Su questo aggiungo solo una cosa: guardiamo anche solo all’esperienza dei coordinamenti nazionali che si sono formati negli anni scorsi, come il Coordinamento NO Debito e la Piattaforma Sociale Eurostop. Alcuni degli attuali aderenti al Patto d’azione li hanno presenti perché vi hanno partecipato. Questi coordinamenti hanno lanciato piattaforme di misure generali per far fronte alla crisi e, a sostegno di quelle misure, hanno tenuto periodicamente delle assemblee, indetto manifestazioni e scioperi (in alcuni casi anche su scala nazionale), promosso la creazione di nodi locali. Ma non si sono occupati di chi avrebbe dovuto attuare le misure generali che indicavano come necessarie, di quale governo occorreva per attuarle e come fare per costituirlo: per questo si sono esauriti dopo il classico ciclo “assemblea-manifestazione”.

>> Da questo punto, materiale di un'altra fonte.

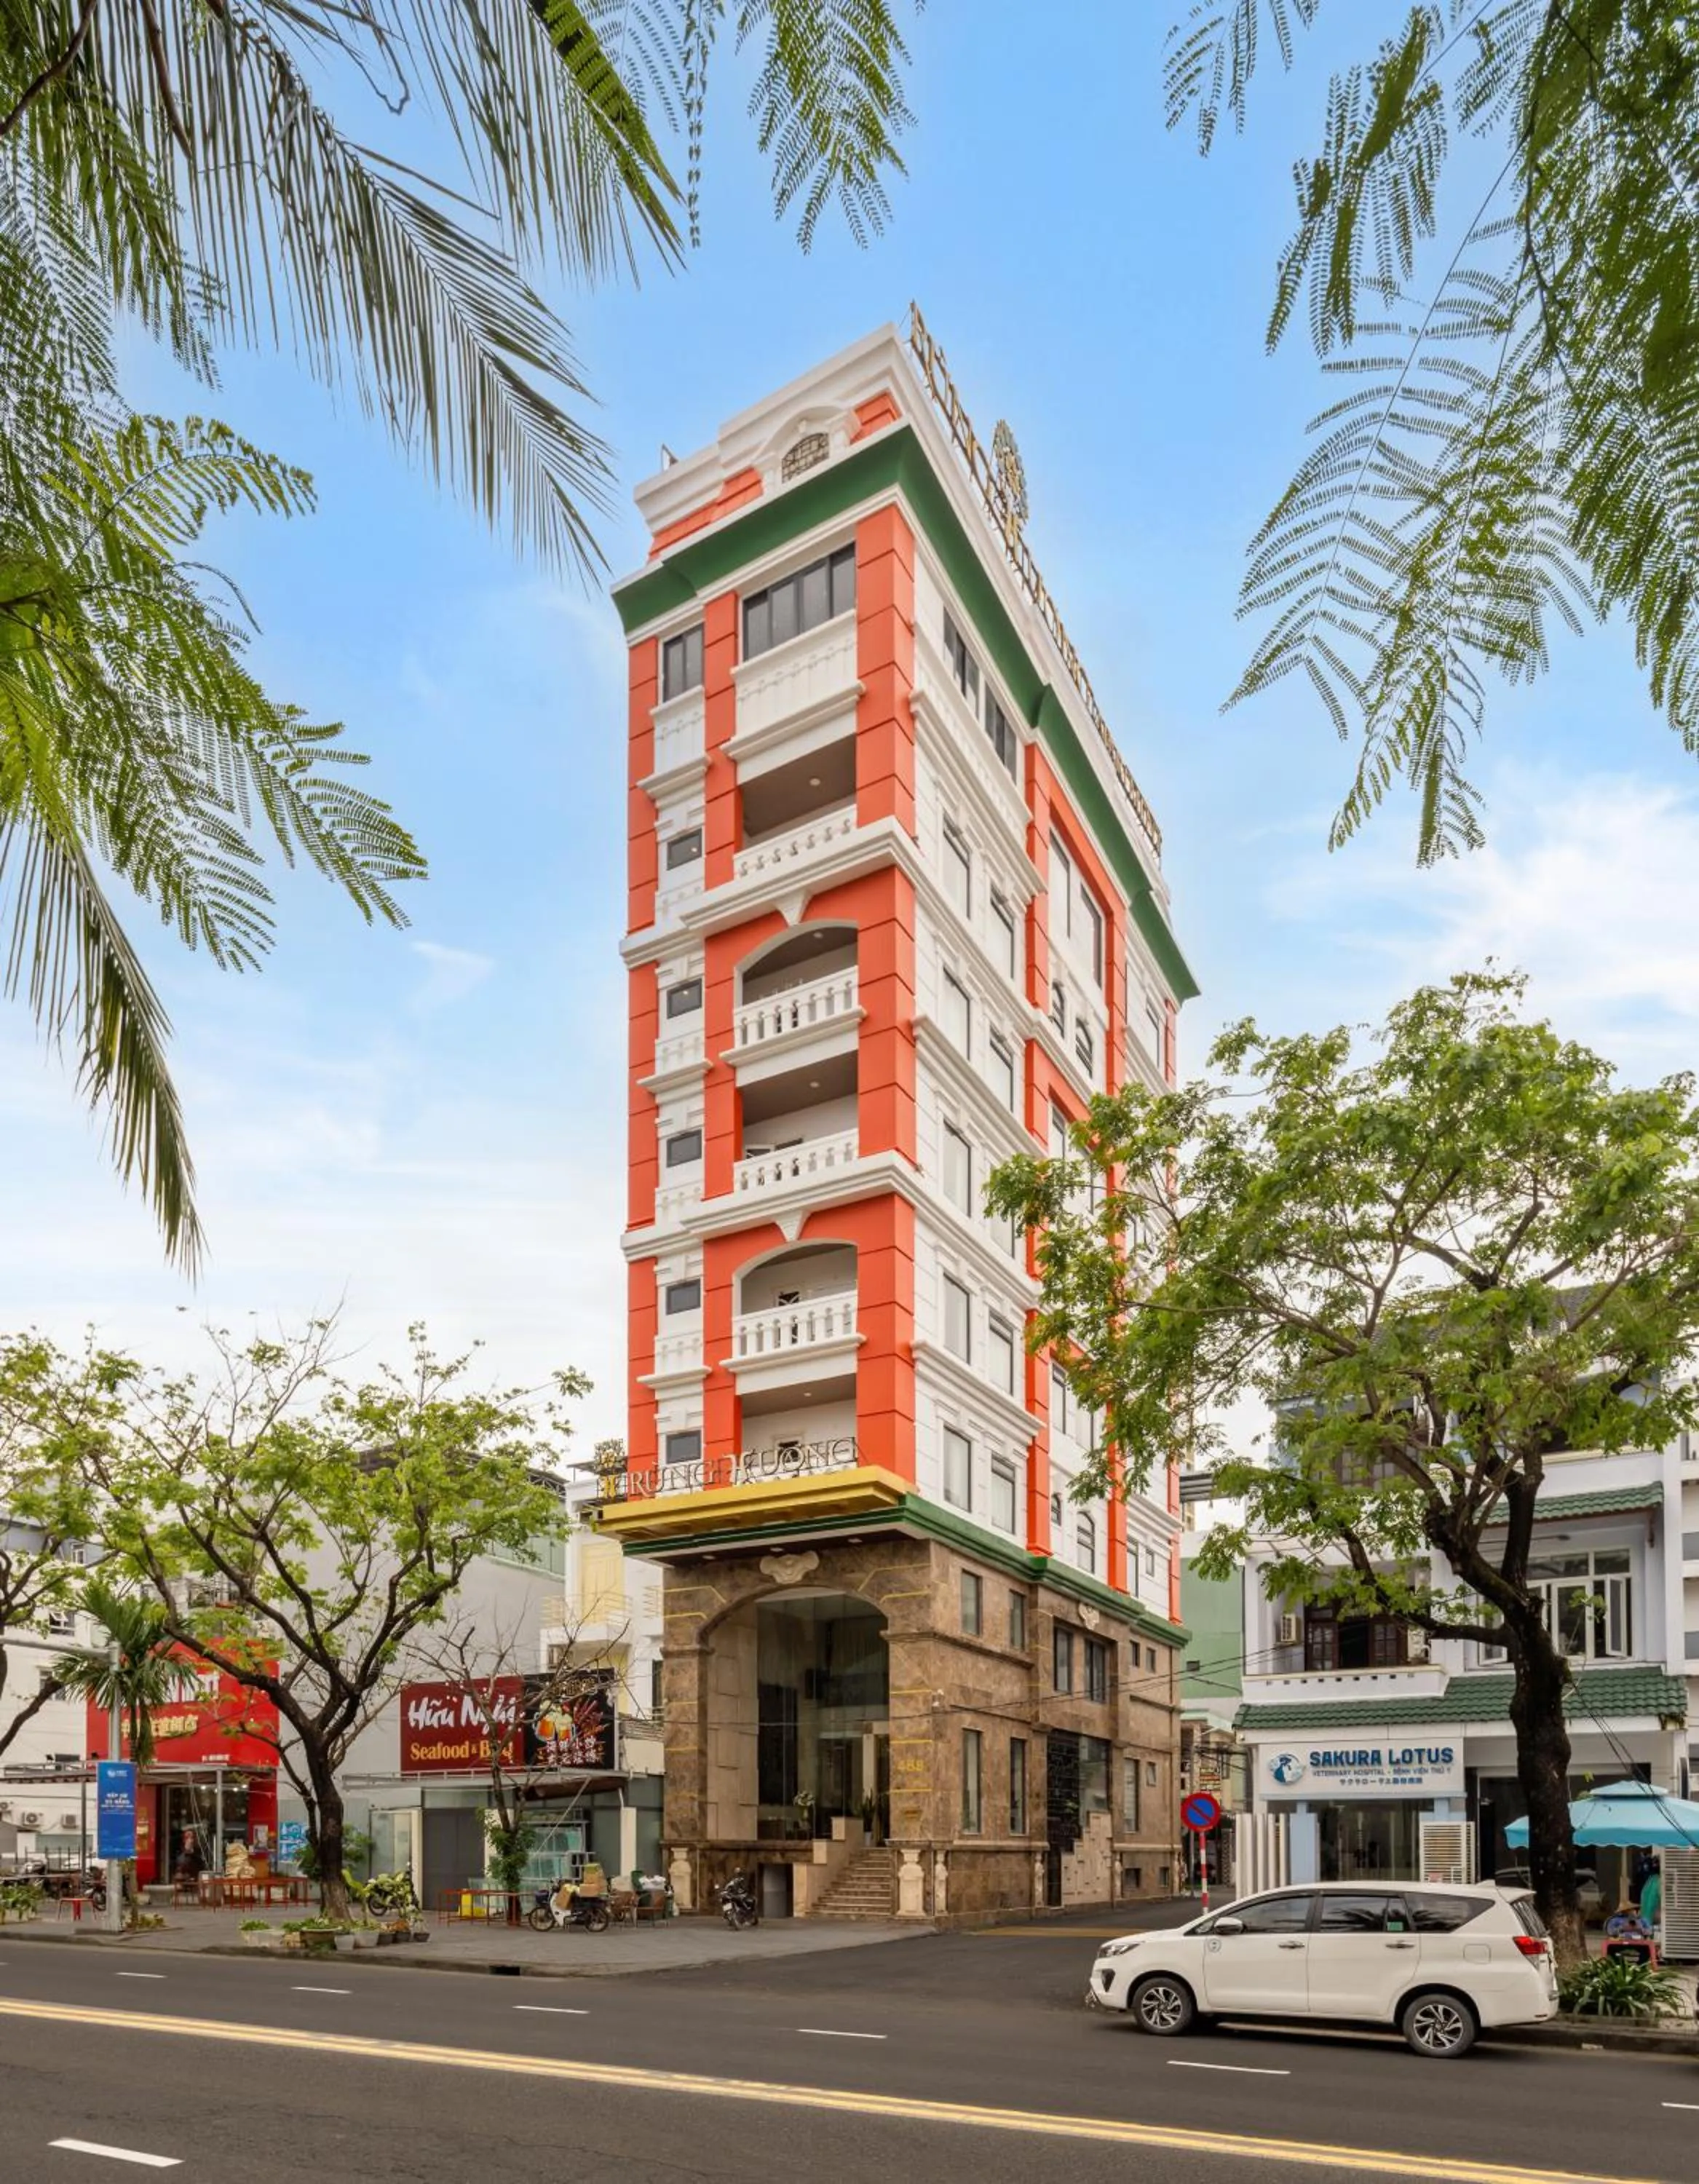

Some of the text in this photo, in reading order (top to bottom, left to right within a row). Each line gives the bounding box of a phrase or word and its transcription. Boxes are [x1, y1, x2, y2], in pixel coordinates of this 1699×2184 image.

Il Patto d’azione deve essere contemporaneamente ambito di unità d’azione, fucina di confronto tra comunisti, anticapitalisti, organizzazioni che sono contro il corso delle cose e strumento di iniziativa in campo politico. Avrà seguito e sviluppo se prendiamo il “toro per le corna”: far diventare ogni lotta contro i padroni e le loro istituzioni, lo strumento, la scuola pratica con la quale quale educhiamo i proletari, e impariamo noi, a costruire le nuove istituzioni dal basso, a creare la rete del nuovo potere che si rafforzerà fino a costituire un proprio governo d’emergenza (e da lì avanzeremo verso l’instaurazione del socialismo).
Per assumere un ruolo politico bisogna ragionare e lottare per prendere il potere nel nostro paese: è una questione che non può essere accantonata e trattata “quando saremo forti e autorevoli”… diventeremo “forti e autorevoli” se fin da subito, ora, ragioniamo, pensiamo e lottiamo in quella direzione. “Pace, terra e lavoro” dicevano i bolscevichi, ma quello che rendeva realistiche quelle parole d’ordine era che per attuarle organizzavano e mobilitavano a lottare anche per “tutto il potere ai soviet”. Oggi dobbiamo costruire i soviet, cioè organismi operai e popolari che prendano il potere. Al lavoro compagni!